In practice the above guidance would likely mean that the tax authorities would expect to be able to confirm the contents of the contract underlying the provision of group services, the means by which the amount of consideration was set, the process by which the price or the services was negotiated, the persons involved at the FRP who provided the services (roles, departments, numbers and similar), assets used and the original cost (TP Guidelines example 23). This documentation would be expected to show that the intent was not to provide some gratuitous benefit to the FRP. A typical transfer pricing study would probably meet much of this requirement. If a taxpayer cannot provide this documentation then the risk of Donation treatment is correspondingly higher.
TP Guidelines 2-19 also notes that where a company sells assets, lends money or provides services (below, participates in ‘FRP Transactions’) and does not account for any income and when the FRP Transactions are the gift of monetary or other assets or the provision of economic benefits or provision of services for no compensation then such transactions are Donations. However 2-19 also goes on to make it clear that other transactions where consideration is received and accounted for (though less than market value) and transactions where consideration paid is in excess of market value can also be treated as Donations.
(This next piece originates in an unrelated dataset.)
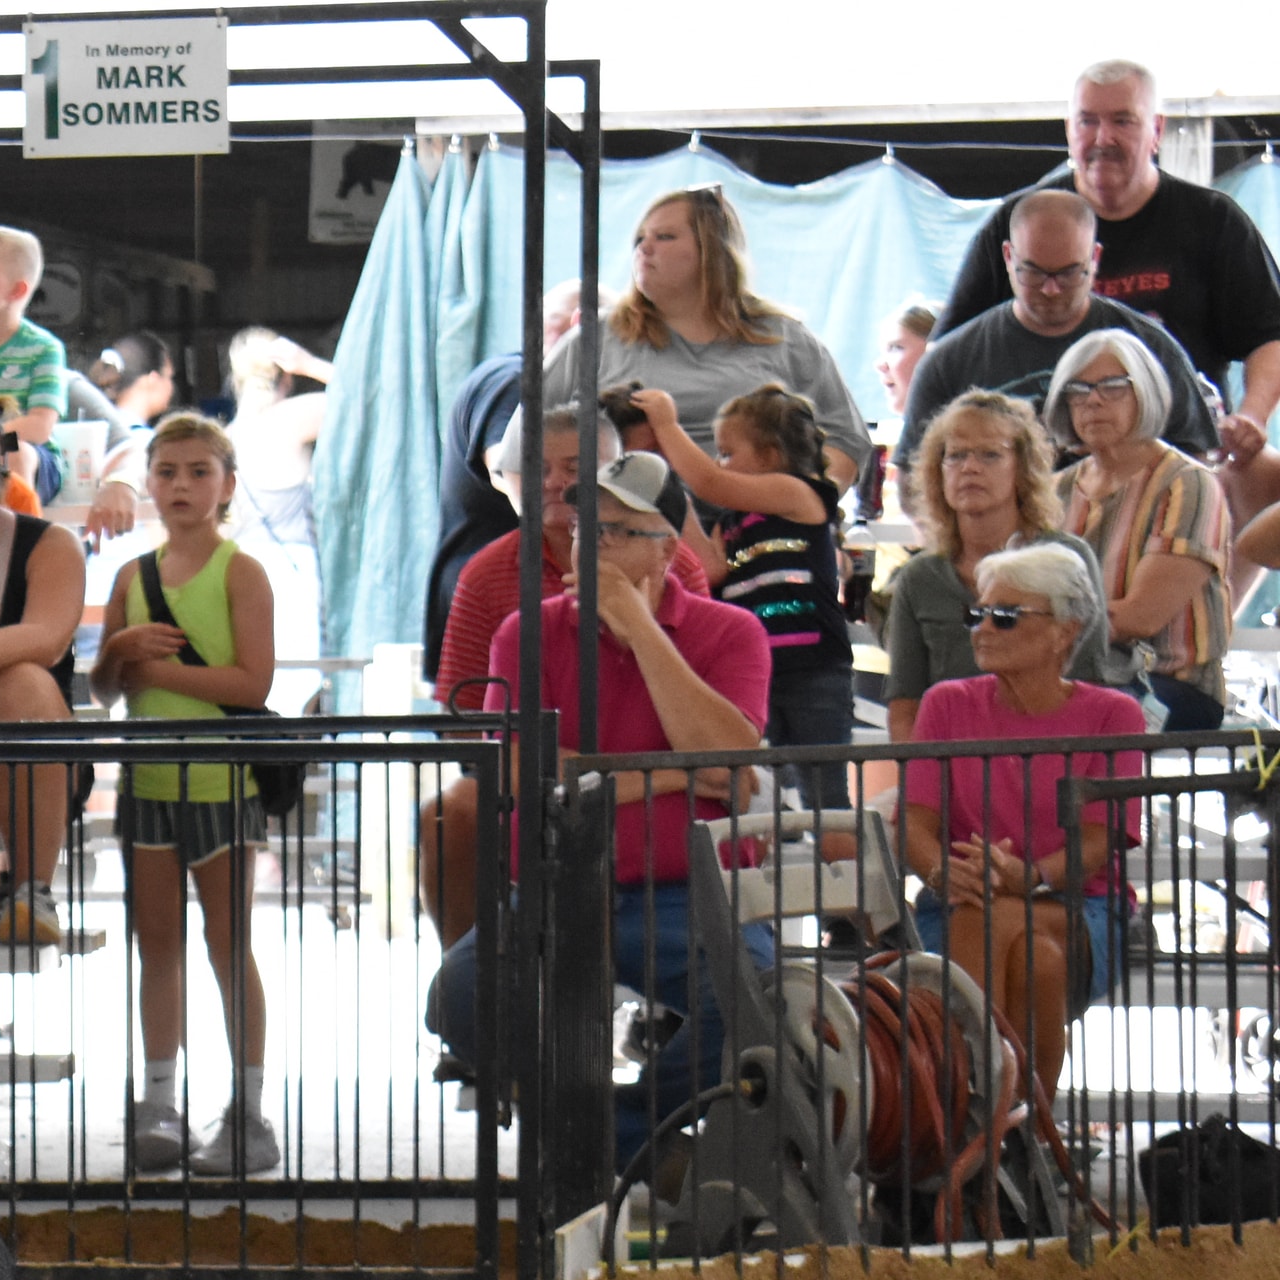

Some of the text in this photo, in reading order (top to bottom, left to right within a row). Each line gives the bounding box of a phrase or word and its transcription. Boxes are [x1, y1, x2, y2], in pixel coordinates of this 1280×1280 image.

[85, 42, 192, 59] In Memory of
[31, 39, 59, 140] 1
[96, 64, 187, 90] MARK
[62, 99, 220, 127] SOMMERS
Regrettably this does not help much to distinguish between Donations and transfer pricing adjustments.
The TP Guidelines do note that in certain circumstances, for example where for the purposes of government financial support for the FRP and where prices are set to avoid the bankruptcy of a subsidiary or similar unavoidable situation arises, then the transactions concerned may not be treated as Donations. This exception should clearly not be relied on other than in exceptional cases. Finally the TP Guidelines also make it clear that the existence or otherwise of a contract for an agreed price for the provision of services does not determine treatment as Donation or as a transfer pricing issue.
A couple of practical points arising out of the above are as follows:
- Foreign investors may find that Donation issues arise when audited in their routine scheduled corporate tax audits. In general handling transfer pricing issues is under the jurisdiction of the Japanese tax authorities specialist transfer pricing teams, hence the non specialist corporate tax auditors will tend to raise Donation as an issue given it is clearly in their jurisdiction.
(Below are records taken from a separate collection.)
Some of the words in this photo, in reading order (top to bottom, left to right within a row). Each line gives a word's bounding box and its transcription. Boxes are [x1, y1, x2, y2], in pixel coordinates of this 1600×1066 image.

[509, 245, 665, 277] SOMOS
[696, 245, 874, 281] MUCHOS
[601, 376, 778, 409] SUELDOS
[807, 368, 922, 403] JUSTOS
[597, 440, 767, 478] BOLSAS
- When prices charged for services or similar provided from or to FRPs are changed, care should be taken to document the reasons for the change including why it is at arms’ length. This should help mitigate the risk of such change being treated as a Donation rather than a revision of an arms’ length price further to transfer pricing analysis.
- There may be some risk that foreign investors may find it more difficult to appeal a Donation assessment or bring it within the remit of competent authority and transfer pricing regulations under the domestic law or treaty. This is a good reason to make sure that all transactions with FRPs are documented further to appropriate transfer pricing studies.